John: State employees not only get a sweet deal on their retirement, they also have ironclad job security and a much less competitive work environment than Joe and Jane Lunchpail out in the real economy. No wonder the PERA board is obsessed with secrecy. Government workers are soaking the taxpayers.

Susan: Don’t try to lump the PERA board and their secrecy in with hard working public employees. Unfortunately, more than a decade ago when fools believed a hot economy would never cool, reckless decisions inflated benefits and softened restrictions.
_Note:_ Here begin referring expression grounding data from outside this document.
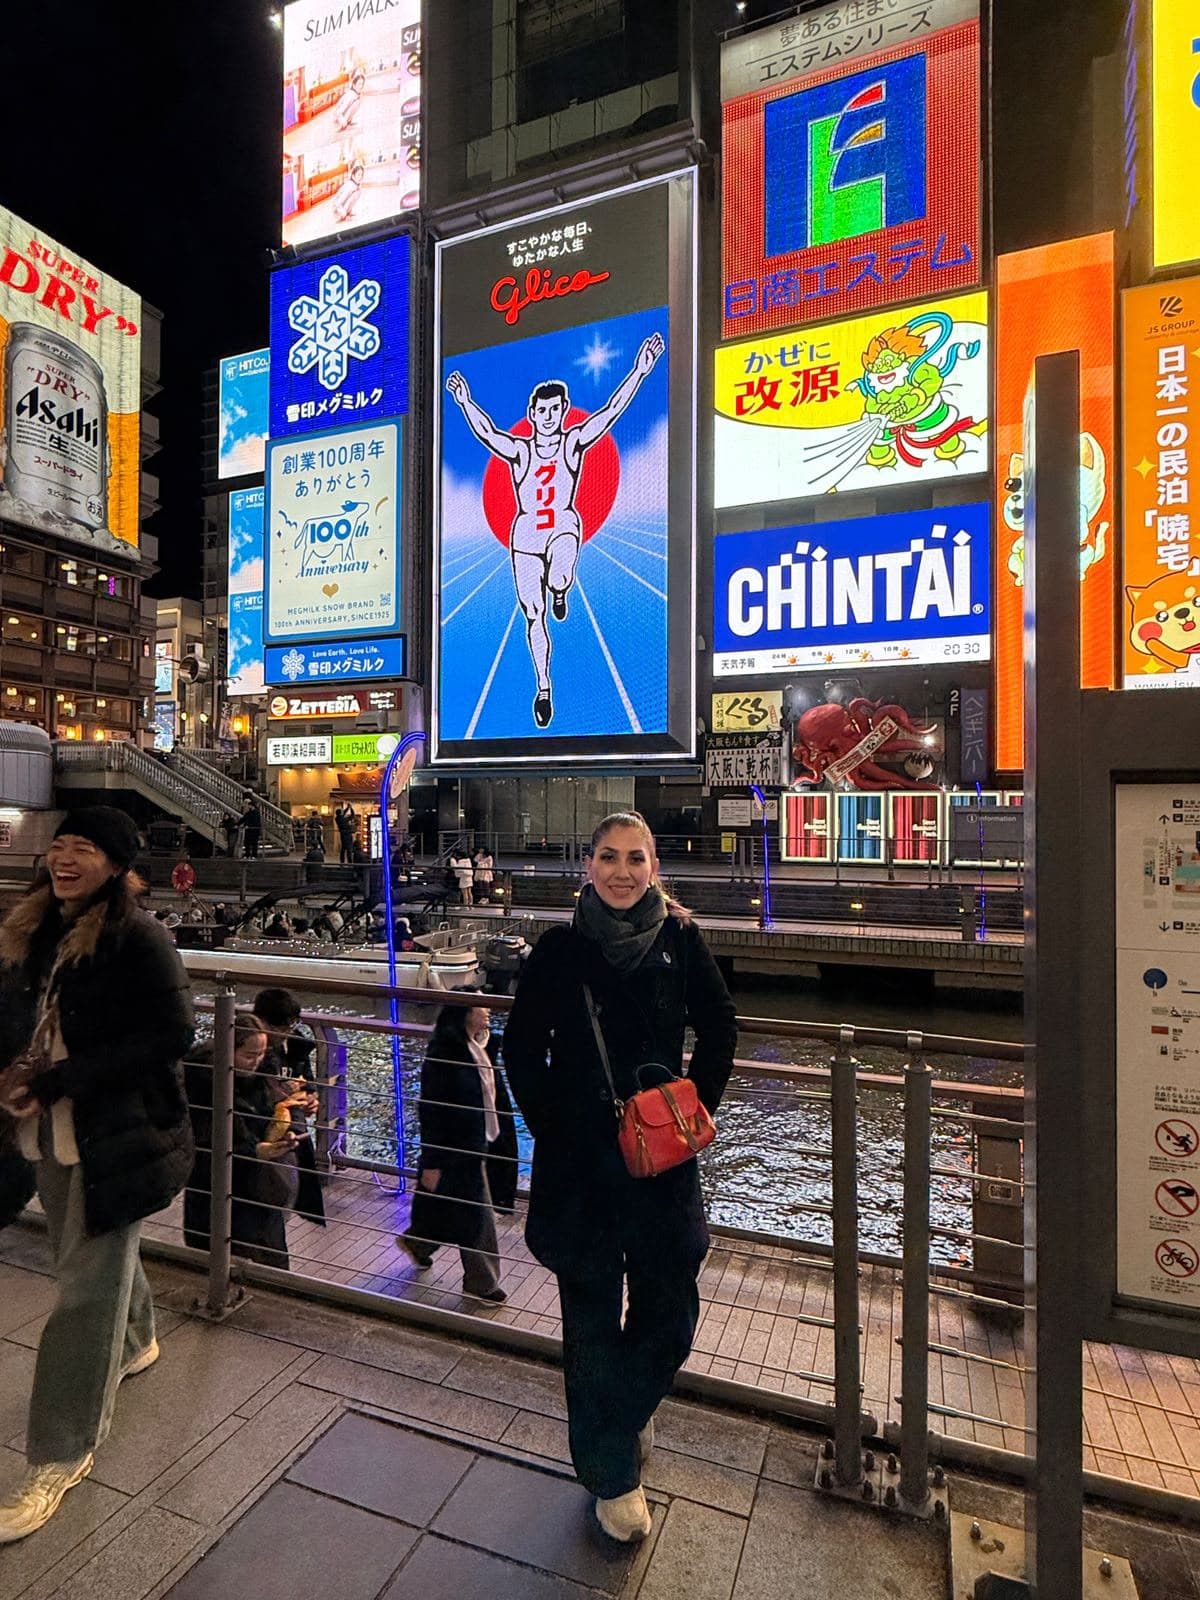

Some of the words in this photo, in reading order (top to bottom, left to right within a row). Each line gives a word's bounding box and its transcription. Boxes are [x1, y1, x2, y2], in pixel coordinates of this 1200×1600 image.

[304, 11, 343, 42] SLIM
[759, 6, 933, 82] エステムシリーズ
[506, 221, 593, 255] すこやかな毎日、
[512, 238, 584, 267] ゆたかな人生
[27, 239, 99, 295] SUPER
[724, 233, 973, 320] 日商エステム
[490, 267, 610, 325] Glico
[1147, 325, 1159, 335] JS
[1160, 319, 1195, 332] GROUP
[744, 340, 831, 374] かぜに
[45, 364, 76, 384] SUPER
[734, 361, 841, 416] 改源
[16, 386, 98, 448] Asahi
[286, 387, 383, 423] 雪印メグミルク
[49, 433, 71, 456] 生
[282, 439, 385, 475] 創業100周年
[294, 469, 371, 498] ありがとう
[534, 460, 558, 531] グリコ
[310, 518, 369, 544] 100th
[296, 560, 370, 578] Anniversary
[287, 606, 319, 616] MEGMILK
[323, 603, 345, 612] SNOW
[347, 600, 374, 610] BRAND
[308, 657, 384, 676] 雪印メグミルク
[721, 657, 756, 670] 天気予報
[289, 699, 360, 715] ZETTERIA
[710, 754, 771, 780] 大阪に乾杯
Treasurer Stapleton must continue his scrutiny.

4. GAYLORD PUBLIC SUBSIDY

Susan: The $300+ million public subsidy to Tennessee-based Gaylord Entertainment from Aurora, to build a private convention center in is the richest in the history of Colorado. What’s the public purpose in a 1500-room private hotel/conference center? Tennessee-based Gaylord’s private facility should be built on their dime – not mine!

John: Amen, Susan. The massive giveaway to Gaylord is not responsible government, it’s crony capitalism – as bad as anything Obama did for GE or Solyndra. Thank goodness for elections. Aurora voters can cancel this obscenity by electing Jude Sandvall as mayor. The other candidates, unfortunately including Republicans, all support it.
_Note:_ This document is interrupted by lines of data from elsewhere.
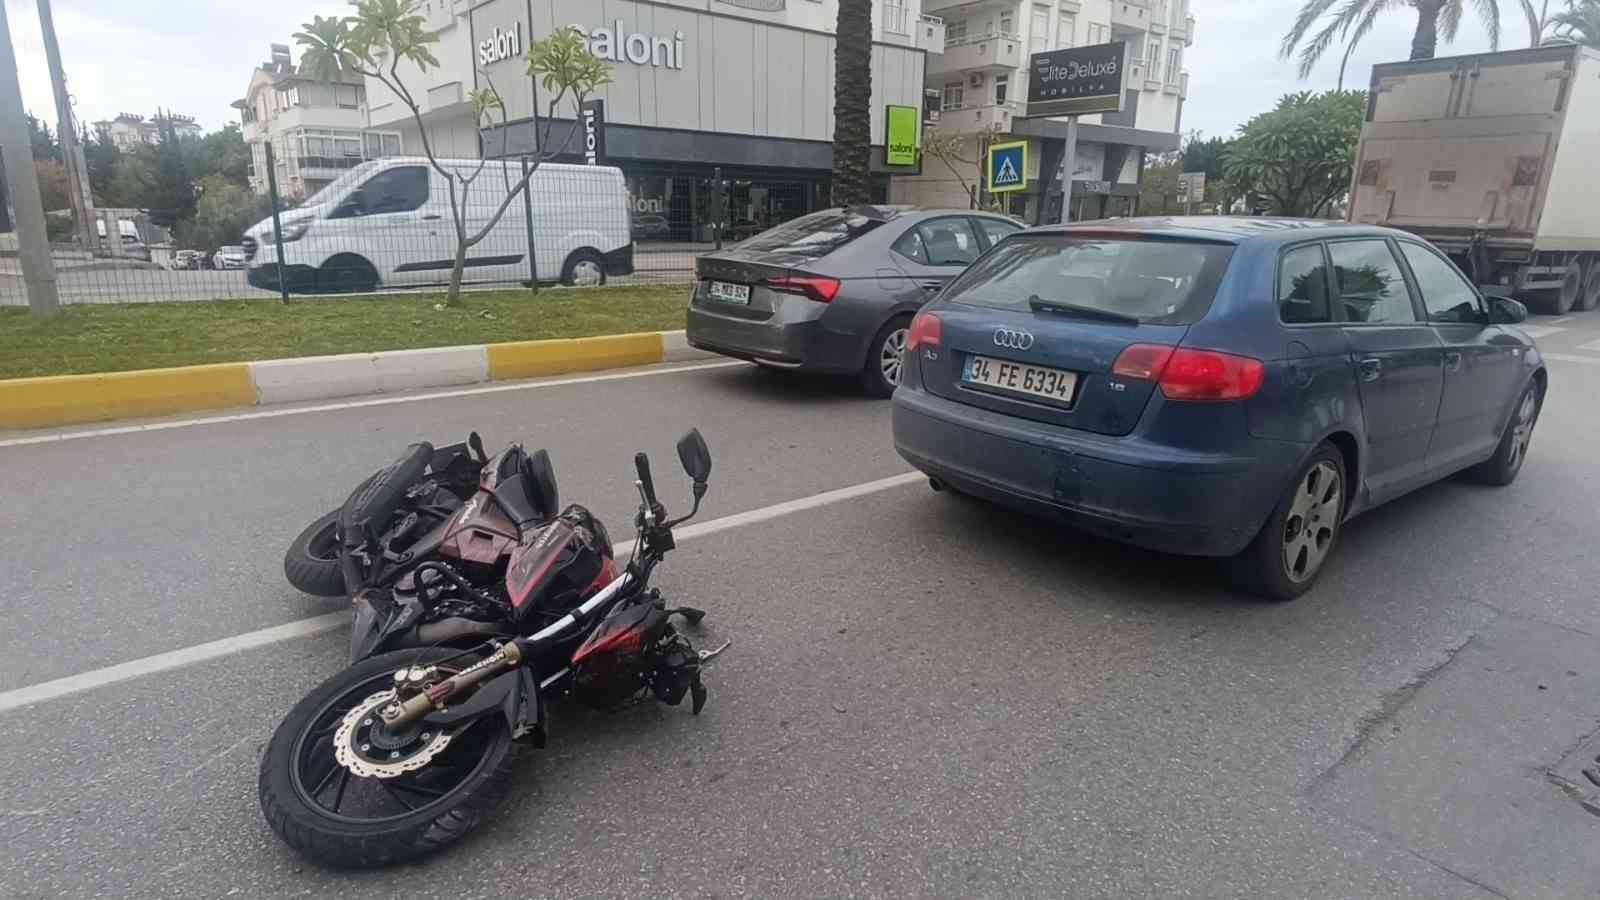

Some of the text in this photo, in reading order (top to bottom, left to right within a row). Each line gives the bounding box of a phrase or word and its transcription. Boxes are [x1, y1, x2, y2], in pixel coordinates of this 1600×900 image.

[480, 21, 519, 64] saloni
[583, 110, 596, 166] loni
[972, 359, 1066, 398] 34 FE 6334
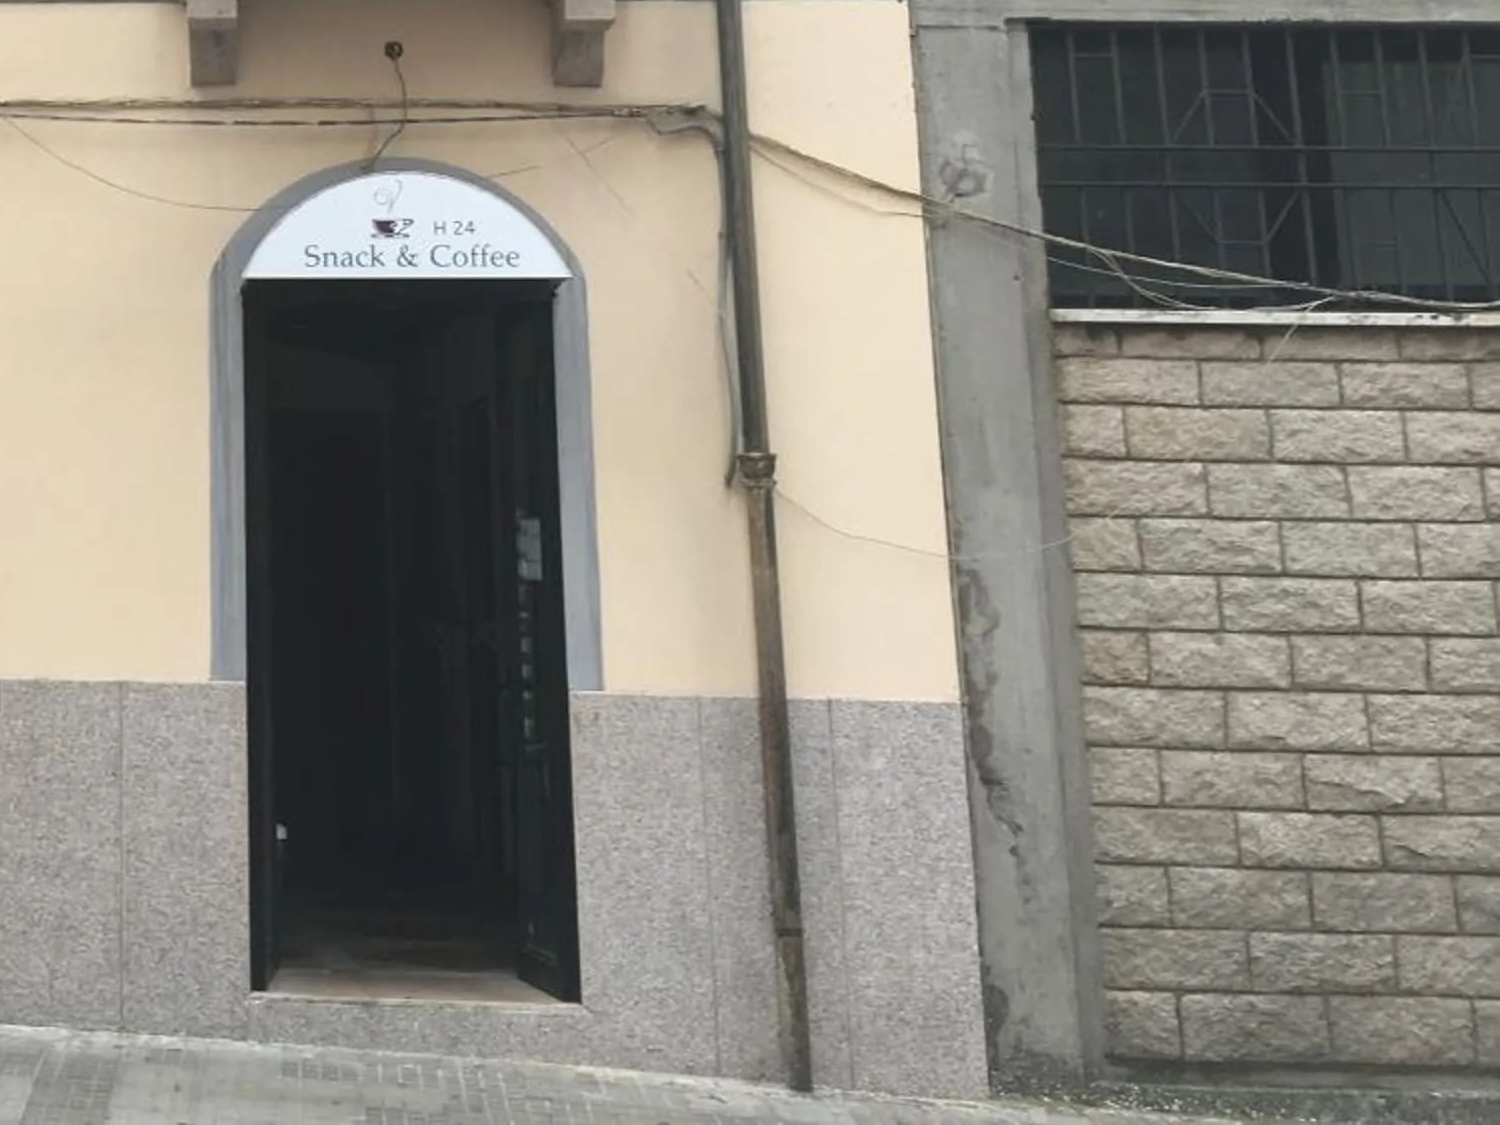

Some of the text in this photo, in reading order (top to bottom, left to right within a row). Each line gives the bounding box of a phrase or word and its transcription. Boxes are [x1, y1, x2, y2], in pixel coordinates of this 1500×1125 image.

[433, 220, 476, 236] H 24
[303, 243, 520, 268] Snack & Coffee
Susan: Not one resident showed up at the public hearing September 26, when the city council unanimously approved this fat giveaway. Whoever Jude Sandvall is, he’s completely MIA in the debate. Shame on the citizens of Aurora for allowing Ed Tauer and his colleagues to make a deal behind closed doors.

John: You can call the Gaylord subsidy crony capitalism or corporate statism. It smells bad either way. Hard–working Aurora taxpayers don’t belong in the hotel business. Government at every level, federal, state, and local, is way out of bounds. I wrote the book “Responsibility Reborn” to rally Americans against this madness.

5. NO CHILD LEFT BEHIND

Susan: The No Child Left Behind Act of 2001, attempted to standardize public K–12 curriculum and force accountability. A decade later, this well–intentioned effort hasn’t demonstrated results—annual improvement in reading and critical thinking. The law needs reform. More and more states try to opt out of the program.

John: No Child Left Behind was one of the worst things that Bush and the Republican Congress ever did. Their first mistake was forgetting that schools are a state responsibility, none of Washington’s business. Their next mistake was letting Ted Kennedy write the bill. Waivers aren’t enough. Let’s repeal the whole thing.

Susan: Well John, you’re half right. NCLB must be repealed and recrafted. And yes, public education is a state mandate. On the other hand—every student from Maine to Mississippi from Oregon to Iowa, to must meet basic standards if America is going to compete in the ever–shrinking global economy.

John: Those basic standards in No Child Left Behind aren’t being met, which is why educators in Colorado are now trying to move the goalposts to legitimize mediocrity. The next president should abolish the Department of Education, take on the teacher unions, and push for educational excellence through the free market.